* [What this task involves] When a record holds a picture, leave the picture out and copy everything else exactly.

* [Information given]
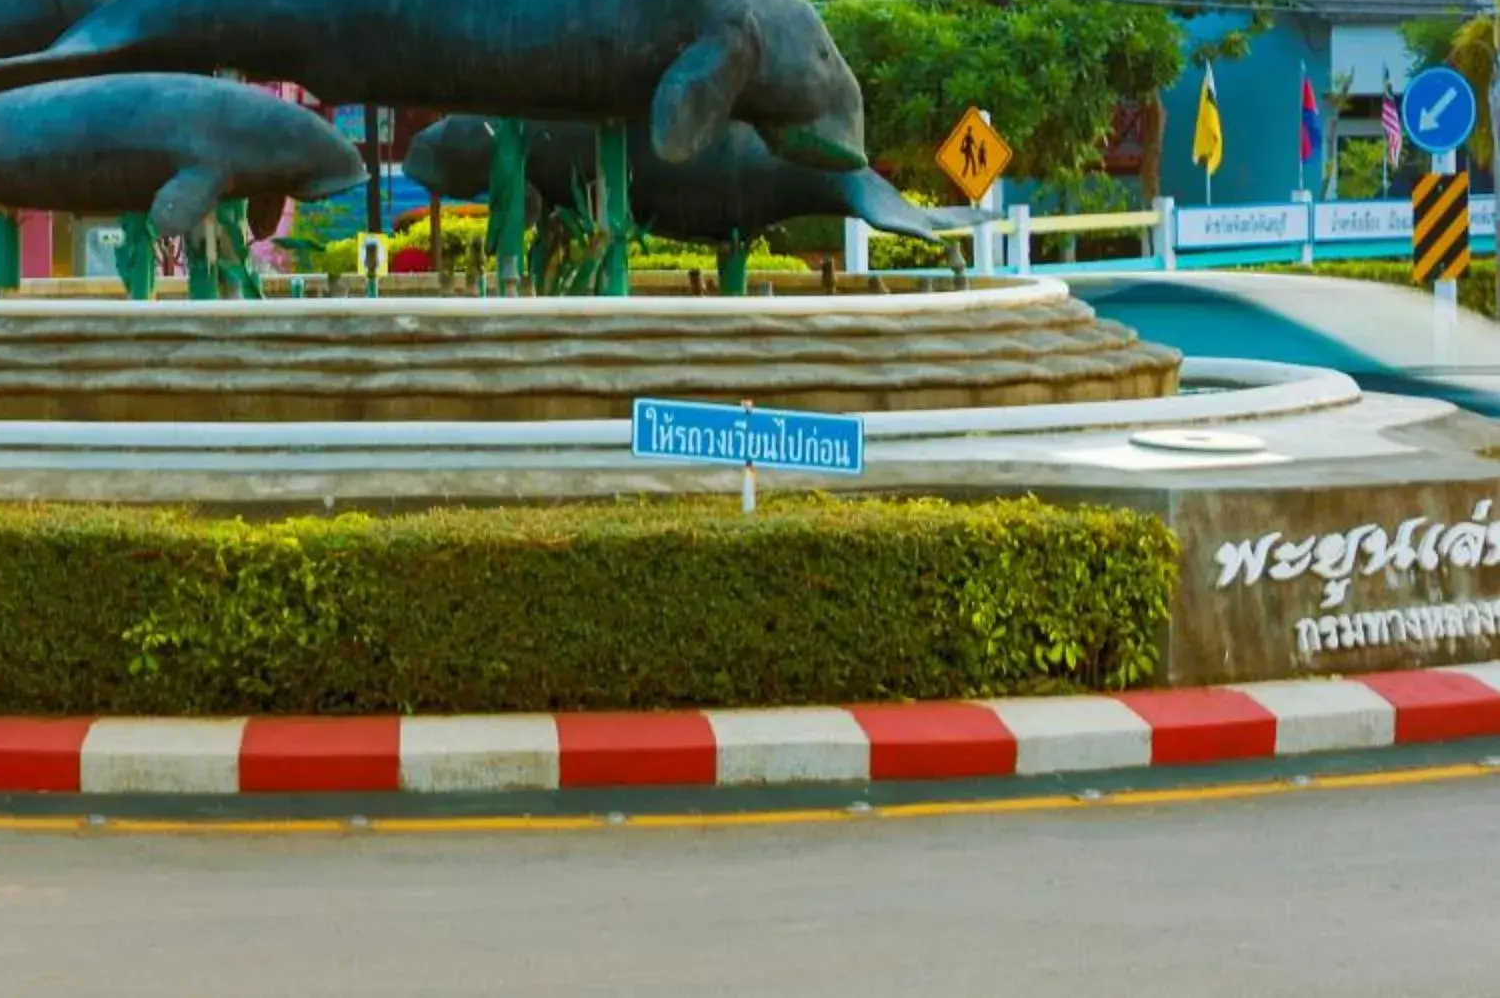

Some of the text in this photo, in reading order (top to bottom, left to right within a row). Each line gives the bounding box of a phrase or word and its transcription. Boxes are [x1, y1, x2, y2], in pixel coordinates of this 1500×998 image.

[645, 406, 850, 466] ให้รถวงเวียนไปก่อน
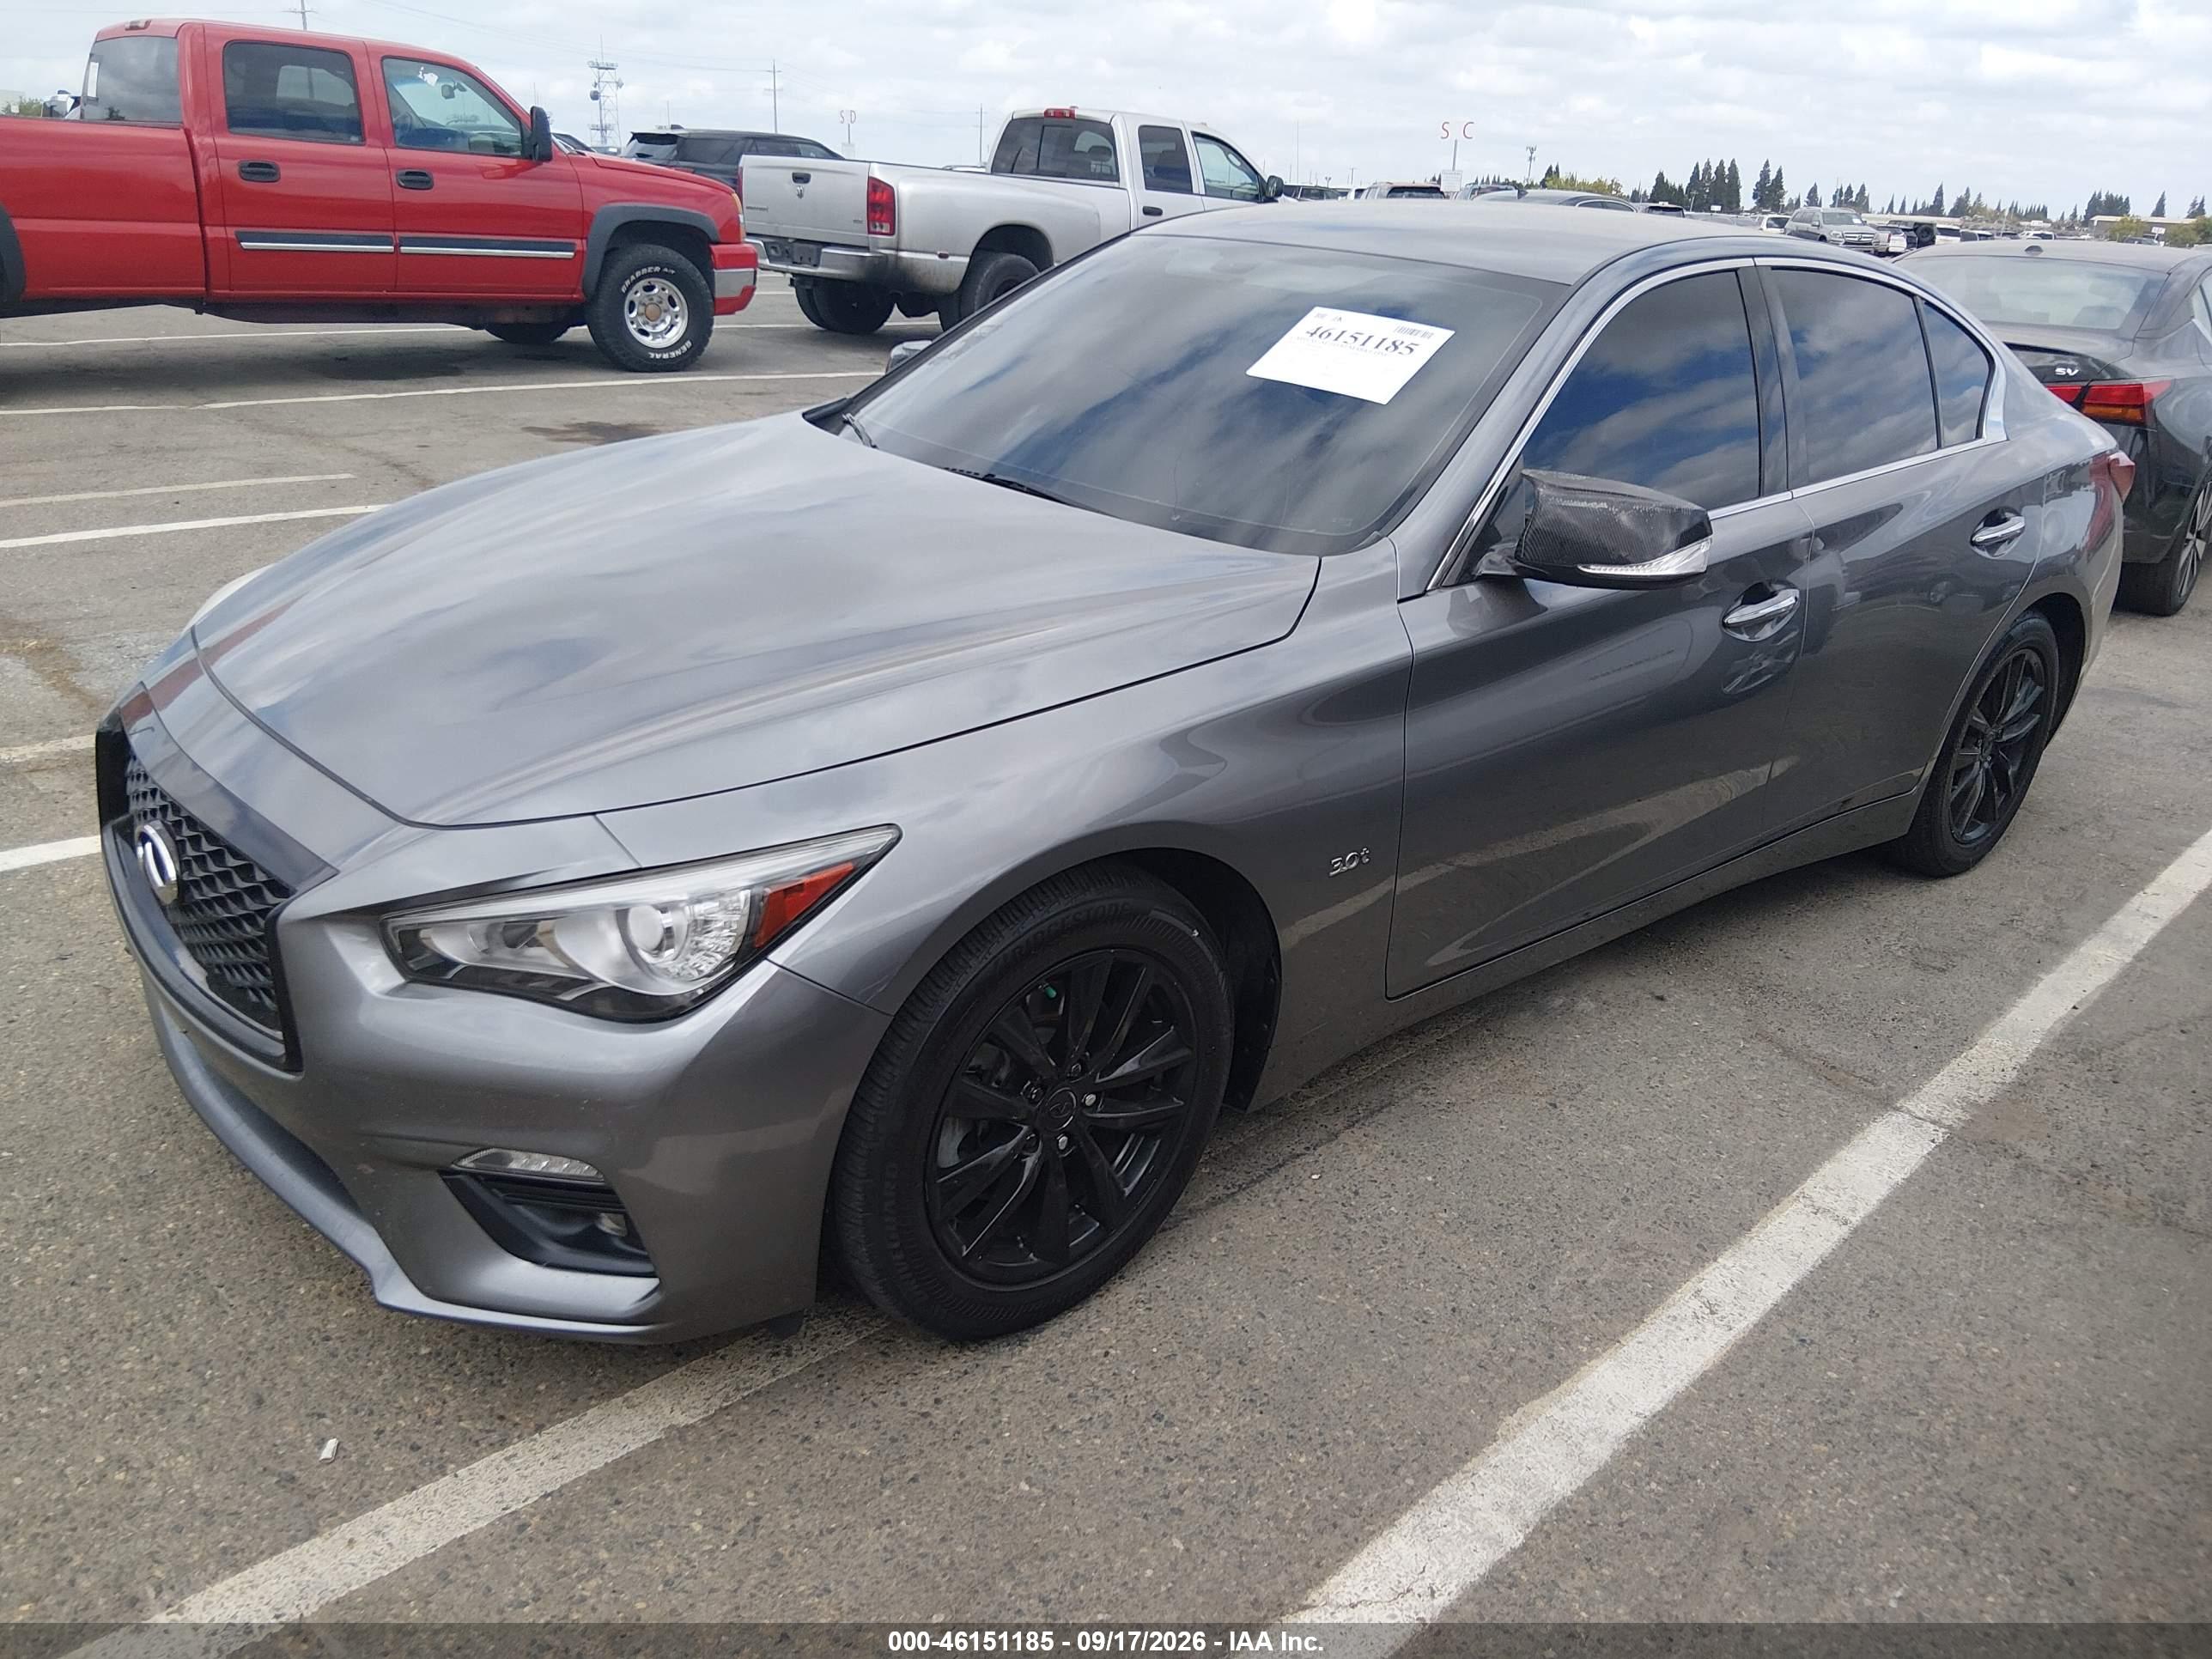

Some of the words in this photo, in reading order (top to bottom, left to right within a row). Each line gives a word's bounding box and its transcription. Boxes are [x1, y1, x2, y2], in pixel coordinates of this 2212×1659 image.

[840, 109, 845, 124] S
[850, 109, 857, 124] D
[1440, 121, 1449, 139] S
[1462, 121, 1474, 139] C
[648, 340, 692, 359] GENERAL
[1305, 325, 1420, 356] 46151185
[2055, 368, 2079, 376] SV
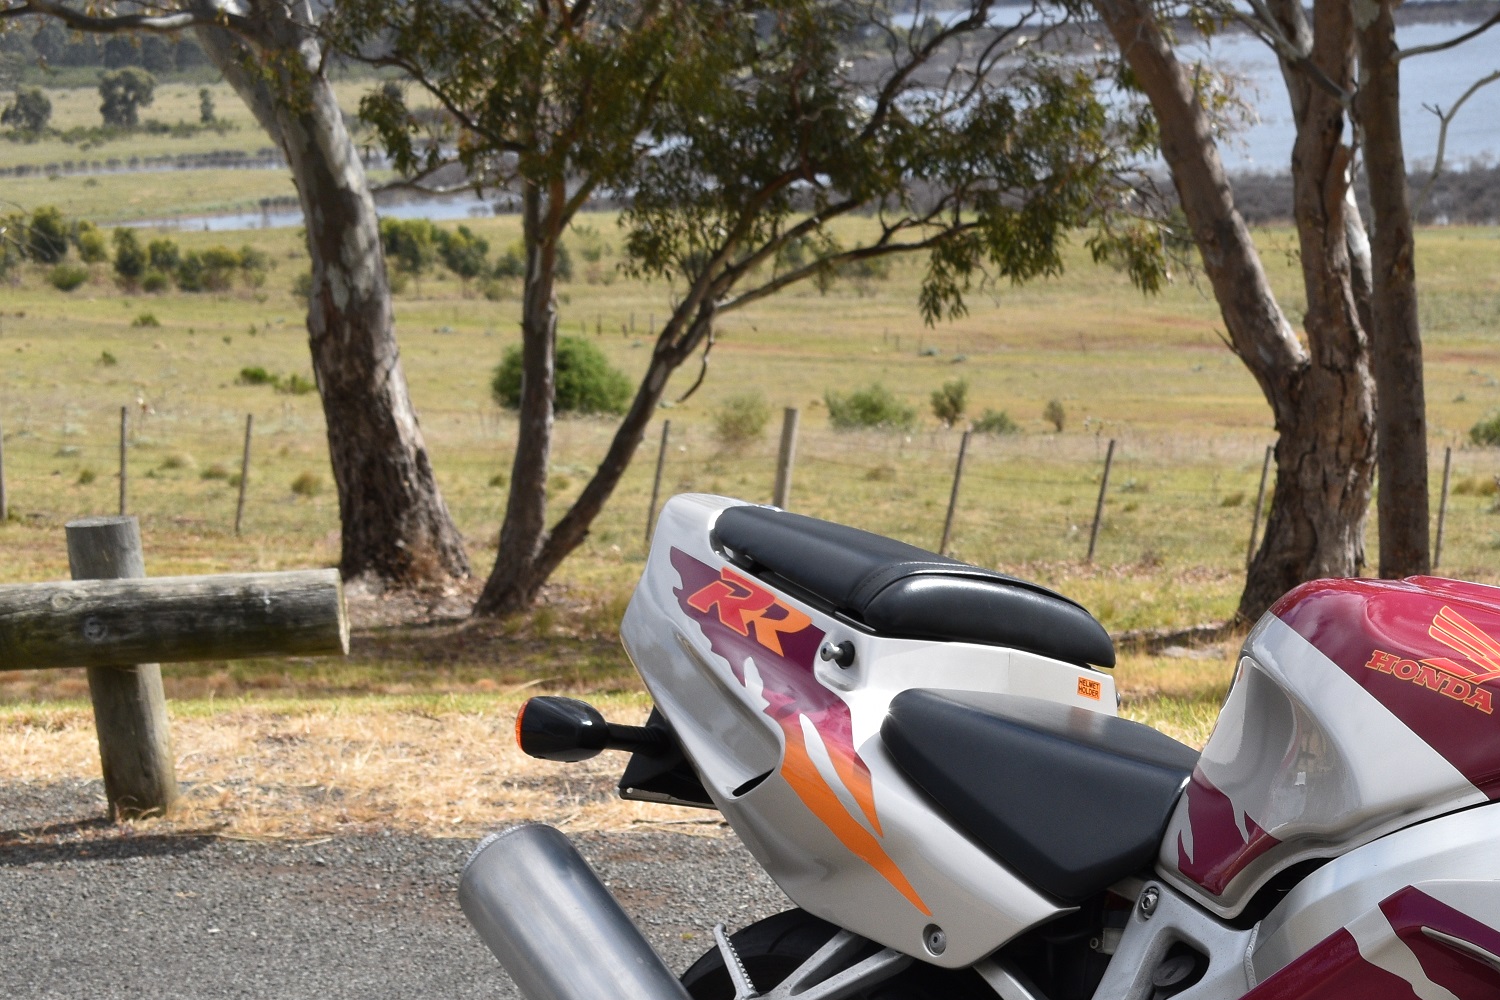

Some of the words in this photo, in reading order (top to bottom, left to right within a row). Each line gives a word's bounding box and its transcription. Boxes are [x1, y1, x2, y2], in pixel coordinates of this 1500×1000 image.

[688, 567, 812, 657] RR
[1079, 679, 1099, 689] HELMET
[1079, 686, 1099, 697] HOLDER
[1365, 650, 1494, 714] HONDA

* [Solution to this task]
Some of the text in this photo, in reading order (top to bottom, left to right within a row). Each line gives the bounding box of a phrase or word and its transcription. Boxes are [x1, y1, x2, y2], in pixel coordinates of this 1500×998 image.

[645, 406, 850, 466] ให้รถวงเวียนไปก่อน

Some of the words in this photo, in reading order (top to bottom, left to right within a row). Each line gives a word's bounding box and its transcription. Boxes are [x1, y1, x2, y2], in pixel coordinates of this 2212×1659 image.

[840, 109, 845, 124] S
[850, 109, 857, 124] D
[1440, 121, 1449, 139] S
[1462, 121, 1474, 139] C
[648, 340, 692, 359] GENERAL
[1305, 325, 1420, 356] 46151185
[2055, 368, 2079, 376] SV

Some of the words in this photo, in reading order (top to bottom, left to right within a row). Each line gives a word's bounding box and its transcription. Boxes are [x1, y1, x2, y2], in pixel coordinates of this 1500×1000 image.

[688, 567, 812, 657] RR
[1079, 679, 1099, 689] HELMET
[1079, 686, 1099, 697] HOLDER
[1365, 650, 1494, 714] HONDA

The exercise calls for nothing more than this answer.